An Irish author has, by dint of sheer chutzpah, managed a way to be nominated for a literary award before his book has been published. Two weekends ago, Julian Gough posted a plea for help on his website under the title, ‘Help save civilisation by reading a funny book’. Gough asked readers to read and review his forthcoming comic novel Jude in London for the Guardian’s annual Not the Booker Prize.
Publishers are usually understandably loathe to distribute copies of a book before its publication date for intellectual property reasons – which is where Gough’s “save the civilisation” angle came in. Gough claimed that by reading a copy of his book publication, readers would be undermining capitalism.

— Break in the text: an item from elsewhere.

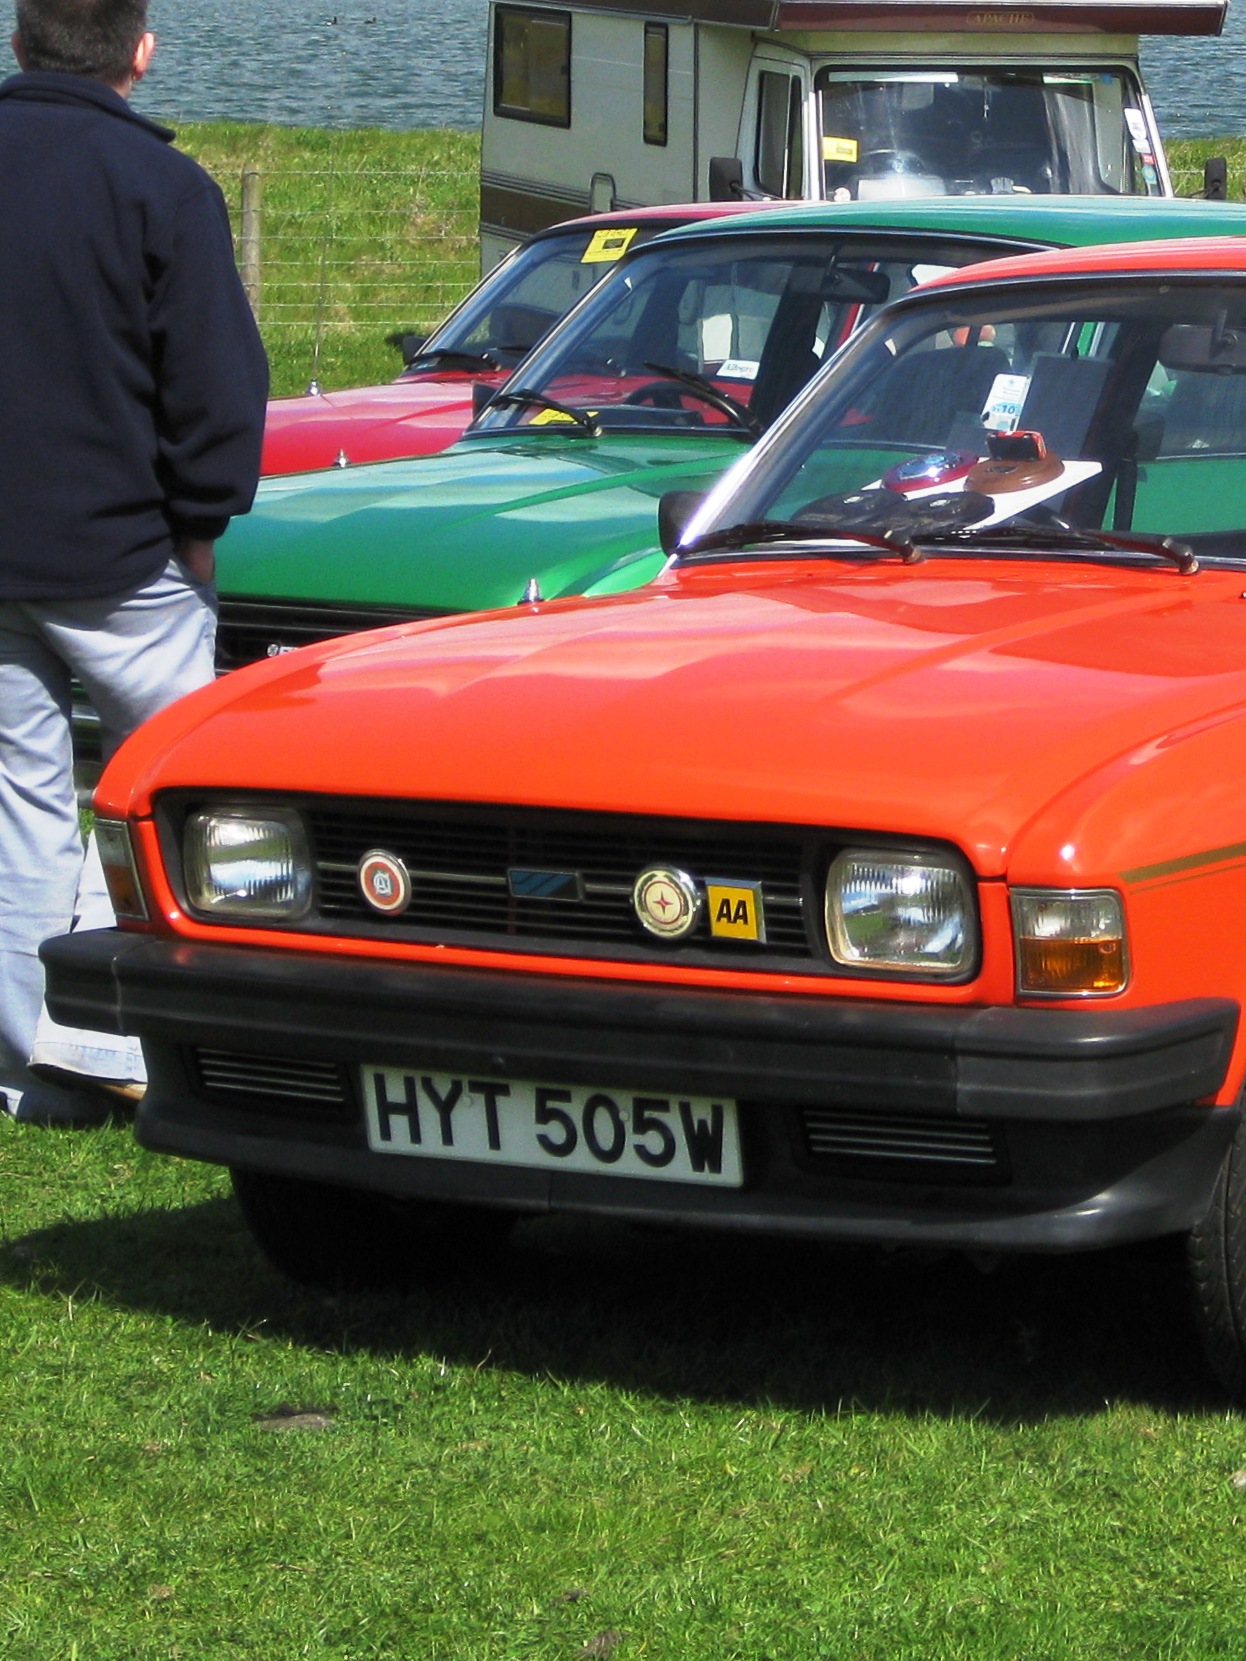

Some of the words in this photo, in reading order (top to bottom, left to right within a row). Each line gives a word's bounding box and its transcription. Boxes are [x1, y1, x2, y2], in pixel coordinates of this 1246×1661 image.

The Not the Booker Prize is, in Gough’s own words, “the most entertaining prize in the literary calendar; an annual online flame-war-slash-literary-debate that can be very helpful in drawing attention to unusual books. (The prize itself is a mug, worth about £1.50. But the glory is incalculable!)” The only catch is that, as Jude in London hasn’t been published yet and could only be shortlisted if nominated by a reader by last Wednesday. Gough offered to send readers a digital copy of his book. He asked them in return to write a 150-word review of the book before the deadline lapsed.
If Gough’s publisher had reservations about the stunt, they’ll have dissipated by now: it seems to worked a treat. Not only was Gough’s book nominated for the prize – it is now the clear frontrunner for the prize.